-- EXERCISE REQUIREMENTS --
Reproduce all entries below verbatim. Skip the pictures.

──────

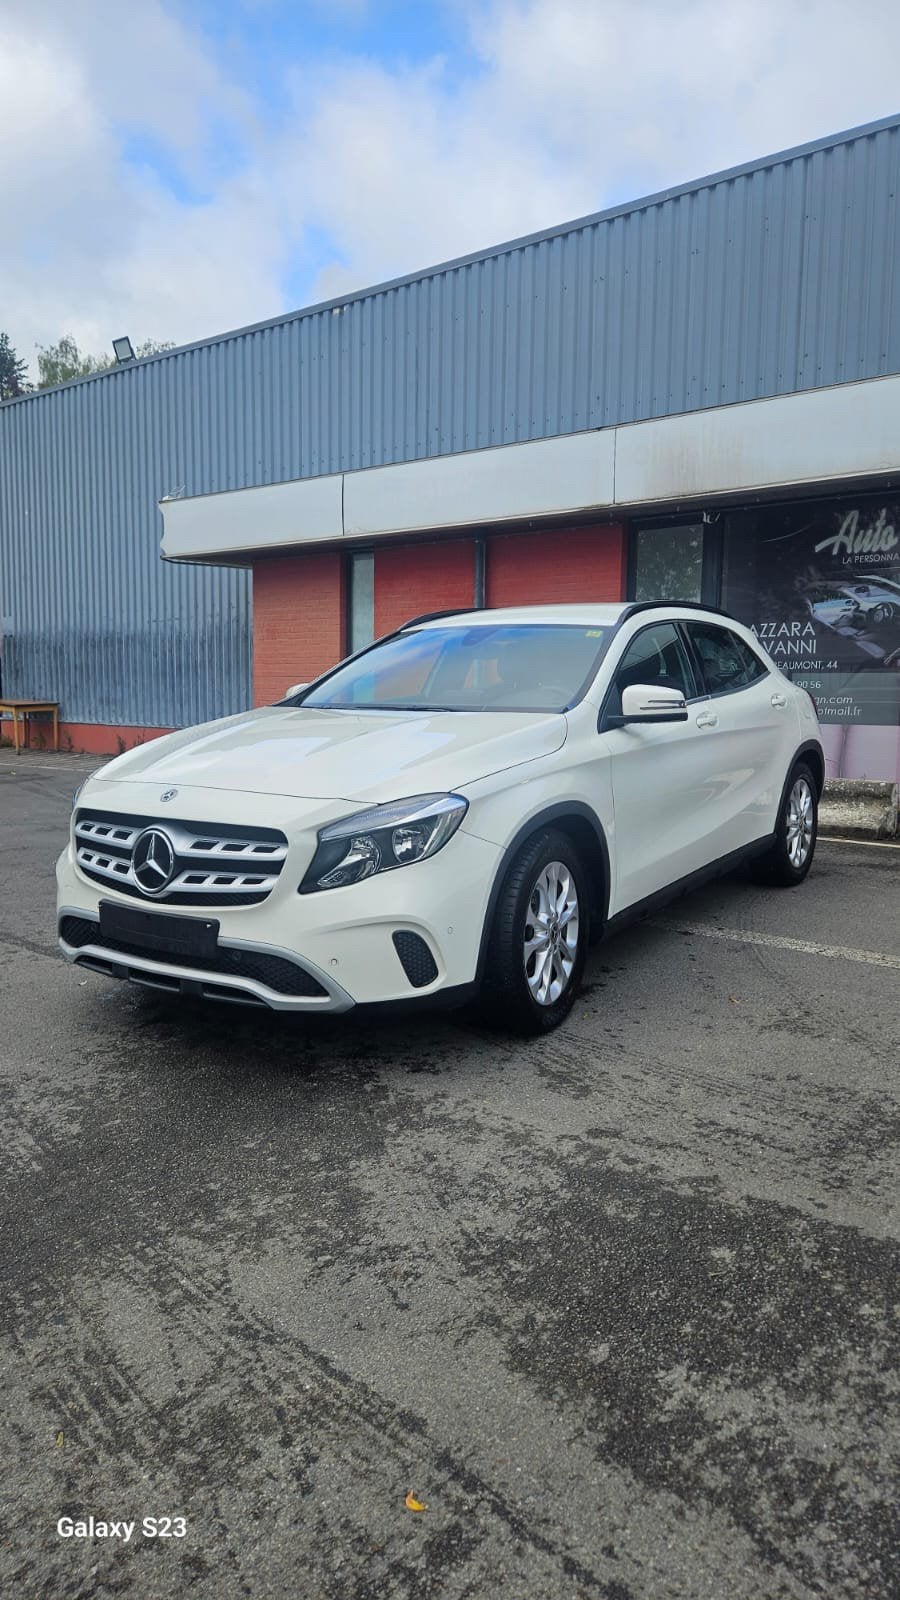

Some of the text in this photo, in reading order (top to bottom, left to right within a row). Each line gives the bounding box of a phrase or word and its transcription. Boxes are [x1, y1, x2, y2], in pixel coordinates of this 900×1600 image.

[815, 507, 898, 555] Auto
[842, 556, 852, 564] LA
[826, 660, 838, 669] 44
[810, 680, 822, 689] 56
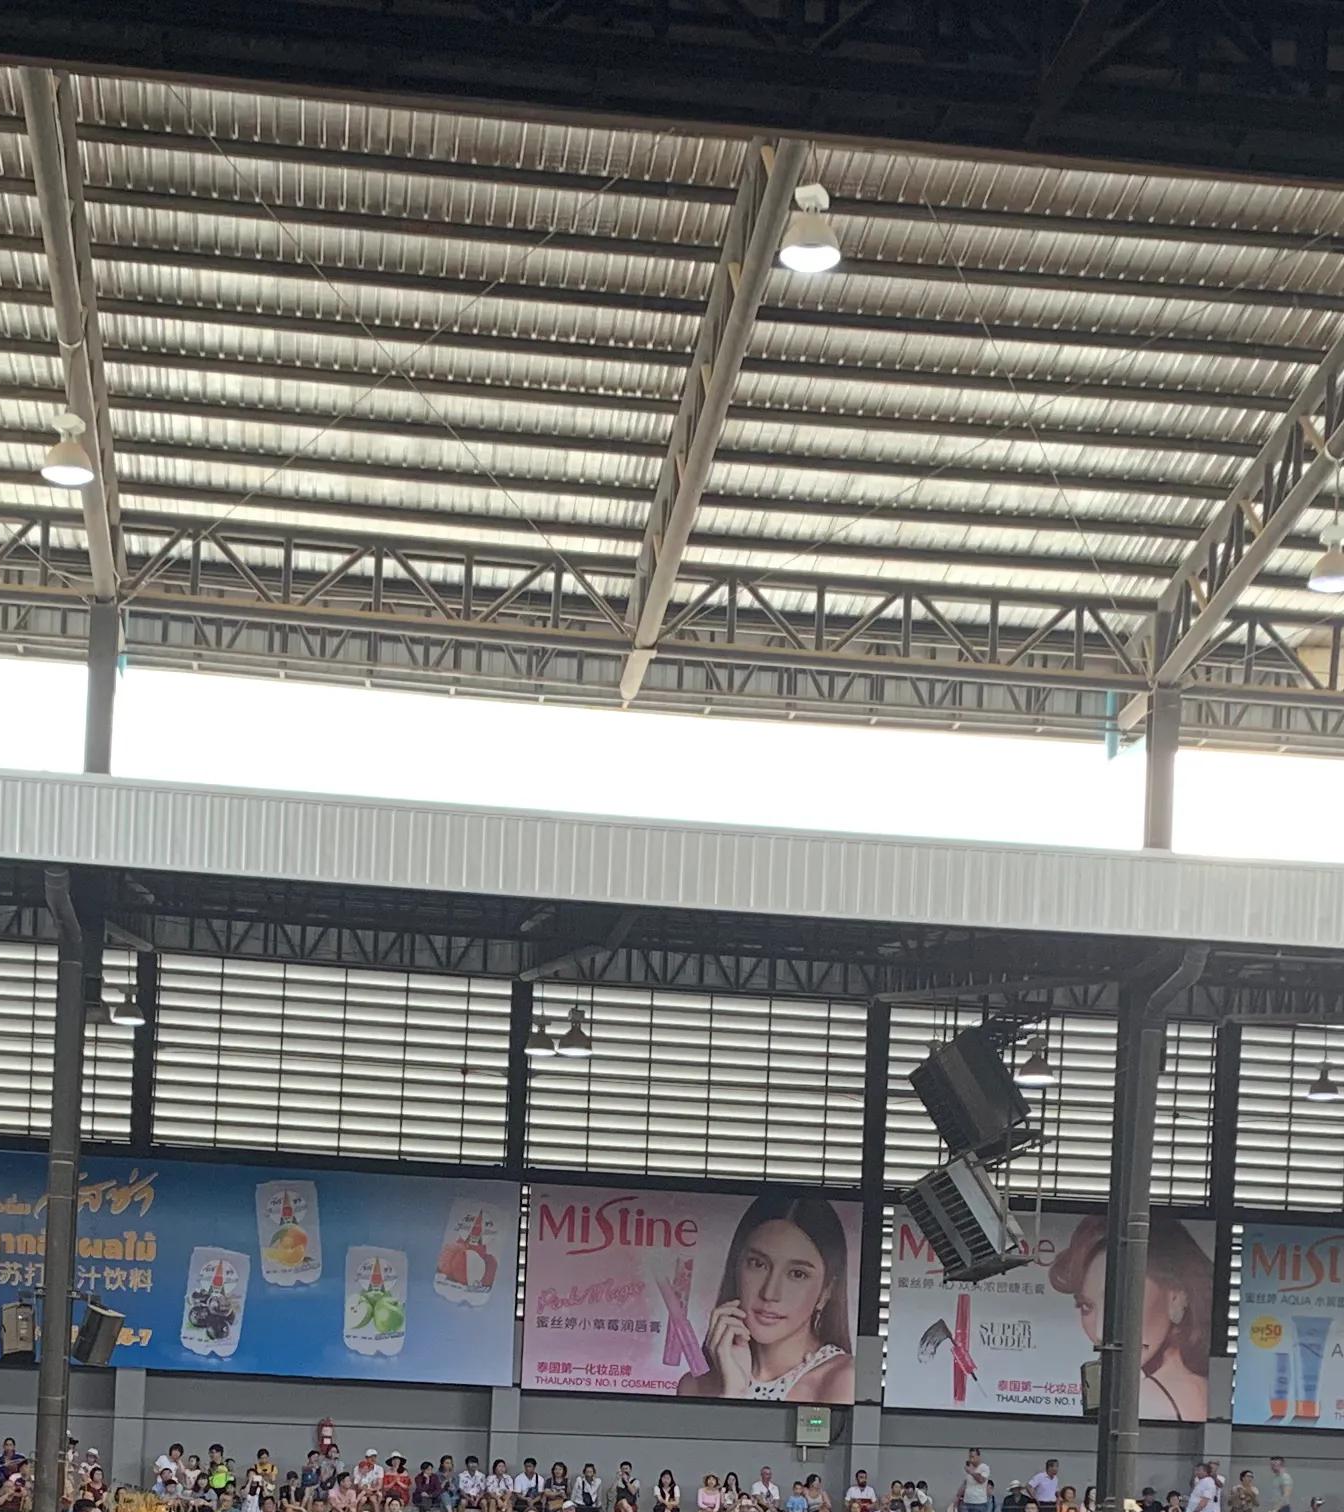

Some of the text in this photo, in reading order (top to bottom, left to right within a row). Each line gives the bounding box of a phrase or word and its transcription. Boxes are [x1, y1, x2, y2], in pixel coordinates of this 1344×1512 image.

[621, 1379, 679, 1391] COSMETICS
[997, 1379, 1084, 1395] 泰国第一化妆品
[996, 1394, 1052, 1405] THAILAND'S
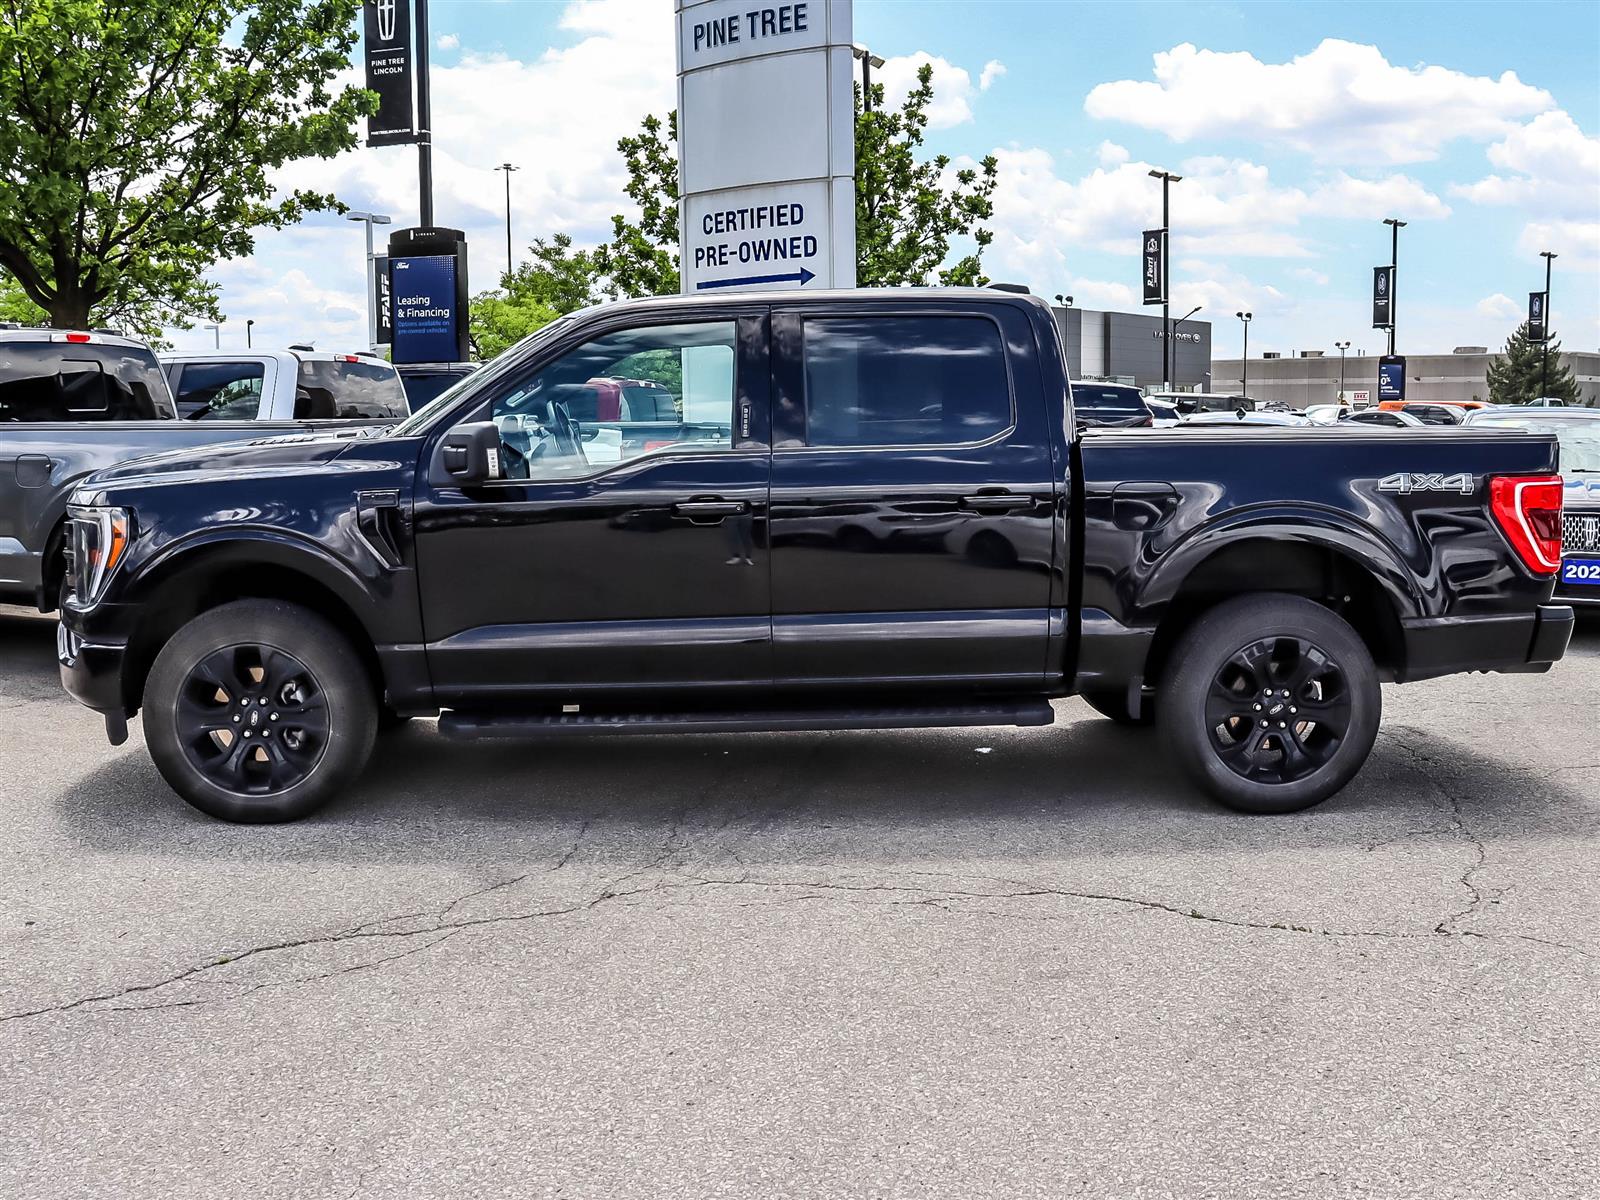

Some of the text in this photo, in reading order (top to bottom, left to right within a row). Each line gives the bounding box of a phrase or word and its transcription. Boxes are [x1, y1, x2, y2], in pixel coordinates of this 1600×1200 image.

──────

-- EXERCISE OUTPUT --
Some of the text in this photo, in reading order (top to bottom, left to right within a row). Each line gives the bounding box of a phrase or word and its transcription. Boxes are [x1, y1, x2, y2], in pixel coordinates of this 900×1600 image.

[815, 507, 898, 555] Auto
[842, 556, 852, 564] LA
[826, 660, 838, 669] 44
[810, 680, 822, 689] 56

Some of the text in this photo, in reading order (top to bottom, left to right within a row). Each line gives the bounding box of a phrase or word and its transcription. Boxes are [x1, y1, x2, y2], in pixel coordinates of this 1344×1512 image.

[621, 1379, 679, 1391] COSMETICS
[997, 1379, 1084, 1395] 泰国第一化妆品
[996, 1394, 1052, 1405] THAILAND'S

Some of the text in this photo, in reading order (top to bottom, left to right within a row). Each line gives the bounding box of a phrase or word and its transcription. Boxes are [x1, y1, x2, y2], in pixel coordinates of this 1600×1200 image.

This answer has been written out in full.